Discussion in 'Amps, Mics & Pickups [DB]' started by drurb, Nov 10, 2005.


  1. drurb

    drurb Oracle, Ancient Order of Rass Hattur; Mem. #1, EPC

    Apr 17, 2004
    I decided to post this as a new thread because I didn't want it buried at the end of the old one:

    (http://www.talkbass.com/forum/showthread.php?t=210002)

    A quick recap: I use a RS Solo pickup and noticed wild speaker-cone excursions with my new iAmp200. This resulted from the amp's response to infrasonic frequenncies. Mike Dimin put me in touch with Gary Gibilisco, the amp's designer.

    The bottom line: I couldn't be happier! First of all, Gary was enormously appreciative of my detailed analysis of the problem, exhibited a great sense of trust, and an absolute devotion to solving the problem. He was very candid in telling me that EA had heard mention of the problem but had never before had a customer with sufficient expertise to provide them with detailed feedback.

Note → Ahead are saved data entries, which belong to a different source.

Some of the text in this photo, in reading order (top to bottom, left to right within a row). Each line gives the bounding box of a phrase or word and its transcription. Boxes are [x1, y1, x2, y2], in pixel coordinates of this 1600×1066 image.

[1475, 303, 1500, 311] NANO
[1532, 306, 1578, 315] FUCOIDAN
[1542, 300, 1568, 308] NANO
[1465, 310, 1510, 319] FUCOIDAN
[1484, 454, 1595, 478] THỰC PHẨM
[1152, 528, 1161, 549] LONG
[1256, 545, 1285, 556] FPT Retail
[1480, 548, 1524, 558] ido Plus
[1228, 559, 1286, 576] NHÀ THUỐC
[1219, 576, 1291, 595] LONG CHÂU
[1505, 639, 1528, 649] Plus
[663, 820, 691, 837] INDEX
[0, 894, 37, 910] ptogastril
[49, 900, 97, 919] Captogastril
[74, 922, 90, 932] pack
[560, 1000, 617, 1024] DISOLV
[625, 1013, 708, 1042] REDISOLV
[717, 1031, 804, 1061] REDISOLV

    The iAmp200 does have a "roll-off" (high-pass) circuit to attenuate extremely low frequencies. In the case of a double bass with a piezo pickup, it just was not severe enough. Gary immediately issued a call-tag for my iAmp200 and it was shipped back at EA's expense. Within about ONE DAY, Gary sent me a loaner amp which he had modified such that the roll-off began at a slightly higher frequency and using a capacitor with smaller tolerance around its nominal value. It worked! The wild cone excursions were tamed and the desired low-end response (40 Hz and above) was not reduced to any substantial extent.

    Given the success, Gary modified my amp in the same way and I received it yesterday. I'm all set. Gary also encouraged me to keep his loaner for a few days so that I could fully compare the two. Well, it only took a short time last night to discover that I could hear no difference.

    Kudos to the guys at EA. They stood FIRMLY behind their product and went beyond the call as far as I'm concerned. Customer service just doesn't get better than what I experienced. We in the bass community are, indeed, fortunate to have companies like EA serving us.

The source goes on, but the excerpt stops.